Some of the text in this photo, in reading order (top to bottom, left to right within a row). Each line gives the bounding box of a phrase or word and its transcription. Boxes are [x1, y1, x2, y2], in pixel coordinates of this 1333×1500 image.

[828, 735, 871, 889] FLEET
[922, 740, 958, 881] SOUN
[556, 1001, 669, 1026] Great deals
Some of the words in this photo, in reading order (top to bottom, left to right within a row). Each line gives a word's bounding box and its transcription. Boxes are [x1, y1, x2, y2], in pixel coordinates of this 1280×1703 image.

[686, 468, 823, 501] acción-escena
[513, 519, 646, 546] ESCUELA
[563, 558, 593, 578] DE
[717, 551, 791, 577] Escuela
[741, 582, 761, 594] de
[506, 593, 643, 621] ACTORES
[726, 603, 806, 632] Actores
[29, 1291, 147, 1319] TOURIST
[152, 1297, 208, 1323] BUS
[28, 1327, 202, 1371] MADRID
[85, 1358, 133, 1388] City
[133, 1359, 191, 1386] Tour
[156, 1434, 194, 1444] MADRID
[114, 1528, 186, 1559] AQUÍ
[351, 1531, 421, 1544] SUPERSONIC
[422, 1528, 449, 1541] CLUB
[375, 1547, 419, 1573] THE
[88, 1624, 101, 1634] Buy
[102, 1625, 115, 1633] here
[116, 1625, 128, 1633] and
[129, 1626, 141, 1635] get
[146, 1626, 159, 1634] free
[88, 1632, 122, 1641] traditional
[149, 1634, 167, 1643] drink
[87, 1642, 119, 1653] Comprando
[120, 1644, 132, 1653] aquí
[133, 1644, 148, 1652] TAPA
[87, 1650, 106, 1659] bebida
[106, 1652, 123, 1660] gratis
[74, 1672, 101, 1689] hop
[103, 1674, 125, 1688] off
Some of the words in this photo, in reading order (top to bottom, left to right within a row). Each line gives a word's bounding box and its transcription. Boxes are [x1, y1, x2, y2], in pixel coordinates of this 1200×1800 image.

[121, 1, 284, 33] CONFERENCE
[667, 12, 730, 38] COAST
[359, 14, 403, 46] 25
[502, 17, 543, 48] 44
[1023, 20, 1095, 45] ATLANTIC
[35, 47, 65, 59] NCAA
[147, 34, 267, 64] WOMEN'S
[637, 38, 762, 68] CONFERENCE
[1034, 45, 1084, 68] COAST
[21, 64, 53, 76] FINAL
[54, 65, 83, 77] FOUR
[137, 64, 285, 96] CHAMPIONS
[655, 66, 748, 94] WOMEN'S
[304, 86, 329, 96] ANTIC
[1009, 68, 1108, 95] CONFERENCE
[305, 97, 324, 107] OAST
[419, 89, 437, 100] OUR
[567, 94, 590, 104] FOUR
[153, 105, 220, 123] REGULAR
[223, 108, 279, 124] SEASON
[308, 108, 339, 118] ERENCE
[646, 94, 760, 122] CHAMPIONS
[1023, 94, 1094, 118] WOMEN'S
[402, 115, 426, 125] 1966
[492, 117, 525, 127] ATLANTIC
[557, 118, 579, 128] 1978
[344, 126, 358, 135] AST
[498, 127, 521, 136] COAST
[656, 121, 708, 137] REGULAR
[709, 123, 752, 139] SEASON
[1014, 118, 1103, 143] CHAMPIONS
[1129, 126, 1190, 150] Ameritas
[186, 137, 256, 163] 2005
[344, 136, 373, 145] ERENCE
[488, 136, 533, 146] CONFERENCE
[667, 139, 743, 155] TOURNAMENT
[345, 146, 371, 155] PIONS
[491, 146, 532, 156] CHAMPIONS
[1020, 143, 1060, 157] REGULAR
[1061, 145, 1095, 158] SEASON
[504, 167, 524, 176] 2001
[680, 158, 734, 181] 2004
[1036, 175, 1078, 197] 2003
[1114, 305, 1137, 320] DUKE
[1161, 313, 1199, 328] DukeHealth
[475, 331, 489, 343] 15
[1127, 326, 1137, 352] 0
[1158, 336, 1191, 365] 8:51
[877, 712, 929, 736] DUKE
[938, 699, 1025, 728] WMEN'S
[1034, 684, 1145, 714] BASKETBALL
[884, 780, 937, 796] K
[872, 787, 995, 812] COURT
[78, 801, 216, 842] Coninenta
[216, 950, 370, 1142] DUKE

> [Required work] None of the records may be skipped; each is to be repeated exactly.

> [Written answer]
Some of the text in this photo, in reading order (top to bottom, left to right within a row). Each line gives the bounding box of a phrase or word and its transcription. Boxes are [x1, y1, x2, y2], in pixel coordinates of this 1333×1500 image.

[828, 735, 871, 889] FLEET
[922, 740, 958, 881] SOUN
[556, 1001, 669, 1026] Great deals
Some of the words in this photo, in reading order (top to bottom, left to right within a row). Each line gives a word's bounding box and its transcription. Boxes are [x1, y1, x2, y2], in pixel coordinates of this 1280×1703 image.

[686, 468, 823, 501] acción-escena
[513, 519, 646, 546] ESCUELA
[563, 558, 593, 578] DE
[717, 551, 791, 577] Escuela
[741, 582, 761, 594] de
[506, 593, 643, 621] ACTORES
[726, 603, 806, 632] Actores
[29, 1291, 147, 1319] TOURIST
[152, 1297, 208, 1323] BUS
[28, 1327, 202, 1371] MADRID
[85, 1358, 133, 1388] City
[133, 1359, 191, 1386] Tour
[156, 1434, 194, 1444] MADRID
[114, 1528, 186, 1559] AQUÍ
[351, 1531, 421, 1544] SUPERSONIC
[422, 1528, 449, 1541] CLUB
[375, 1547, 419, 1573] THE
[88, 1624, 101, 1634] Buy
[102, 1625, 115, 1633] here
[116, 1625, 128, 1633] and
[129, 1626, 141, 1635] get
[146, 1626, 159, 1634] free
[88, 1632, 122, 1641] traditional
[149, 1634, 167, 1643] drink
[87, 1642, 119, 1653] Comprando
[120, 1644, 132, 1653] aquí
[133, 1644, 148, 1652] TAPA
[87, 1650, 106, 1659] bebida
[106, 1652, 123, 1660] gratis
[74, 1672, 101, 1689] hop
[103, 1674, 125, 1688] off
Some of the words in this photo, in reading order (top to bottom, left to right within a row). Each line gives a word's bounding box and its transcription. Boxes are [x1, y1, x2, y2], in pixel coordinates of this 1200×1800 image.

[121, 1, 284, 33] CONFERENCE
[667, 12, 730, 38] COAST
[359, 14, 403, 46] 25
[502, 17, 543, 48] 44
[1023, 20, 1095, 45] ATLANTIC
[35, 47, 65, 59] NCAA
[147, 34, 267, 64] WOMEN'S
[637, 38, 762, 68] CONFERENCE
[1034, 45, 1084, 68] COAST
[21, 64, 53, 76] FINAL
[54, 65, 83, 77] FOUR
[137, 64, 285, 96] CHAMPIONS
[655, 66, 748, 94] WOMEN'S
[304, 86, 329, 96] ANTIC
[1009, 68, 1108, 95] CONFERENCE
[305, 97, 324, 107] OAST
[419, 89, 437, 100] OUR
[567, 94, 590, 104] FOUR
[153, 105, 220, 123] REGULAR
[223, 108, 279, 124] SEASON
[308, 108, 339, 118] ERENCE
[646, 94, 760, 122] CHAMPIONS
[1023, 94, 1094, 118] WOMEN'S
[402, 115, 426, 125] 1966
[492, 117, 525, 127] ATLANTIC
[557, 118, 579, 128] 1978
[344, 126, 358, 135] AST
[498, 127, 521, 136] COAST
[656, 121, 708, 137] REGULAR
[709, 123, 752, 139] SEASON
[1014, 118, 1103, 143] CHAMPIONS
[1129, 126, 1190, 150] Ameritas
[186, 137, 256, 163] 2005
[344, 136, 373, 145] ERENCE
[488, 136, 533, 146] CONFERENCE
[667, 139, 743, 155] TOURNAMENT
[345, 146, 371, 155] PIONS
[491, 146, 532, 156] CHAMPIONS
[1020, 143, 1060, 157] REGULAR
[1061, 145, 1095, 158] SEASON
[504, 167, 524, 176] 2001
[680, 158, 734, 181] 2004
[1036, 175, 1078, 197] 2003
[1114, 305, 1137, 320] DUKE
[1161, 313, 1199, 328] DukeHealth
[475, 331, 489, 343] 15
[1127, 326, 1137, 352] 0
[1158, 336, 1191, 365] 8:51
[877, 712, 929, 736] DUKE
[938, 699, 1025, 728] WMEN'S
[1034, 684, 1145, 714] BASKETBALL
[884, 780, 937, 796] K
[872, 787, 995, 812] COURT
[78, 801, 216, 842] Coninenta
[216, 950, 370, 1142] DUKE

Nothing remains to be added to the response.